##### RECORDS TO USE

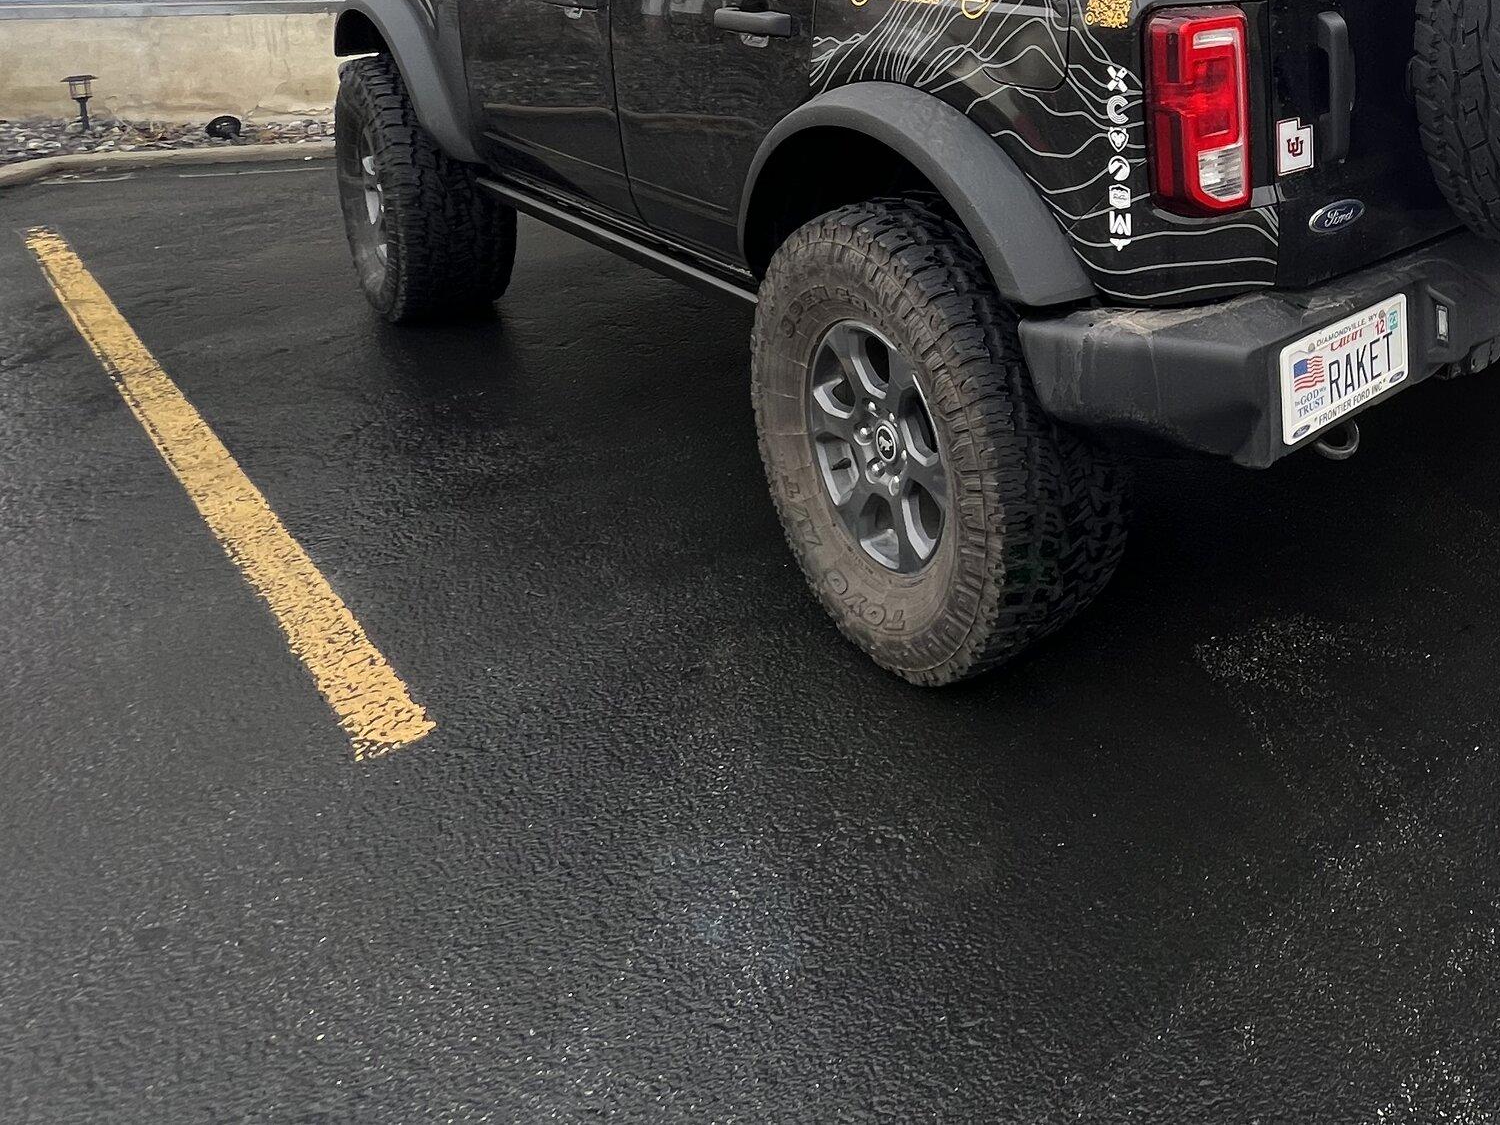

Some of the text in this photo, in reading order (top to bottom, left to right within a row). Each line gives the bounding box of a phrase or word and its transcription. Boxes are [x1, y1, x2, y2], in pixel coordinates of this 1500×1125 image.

[1375, 319, 1385, 336] 12
[1328, 331, 1393, 404] RAKET
[1297, 395, 1325, 417] TRUST
[1300, 388, 1319, 405] GOD

##########

WHAT IS EXPECTED – Write every record out again exactly as written. Pictures don't belong in the copy.

TASK RESPONSE –
Some of the text in this photo, in reading order (top to bottom, left to right within a row). Each line gives the bounding box of a phrase or word and its transcription. Boxes are [x1, y1, x2, y2], in pixel coordinates of this 1500×1125 image.

[1375, 319, 1385, 336] 12
[1328, 331, 1393, 404] RAKET
[1297, 395, 1325, 417] TRUST
[1300, 388, 1319, 405] GOD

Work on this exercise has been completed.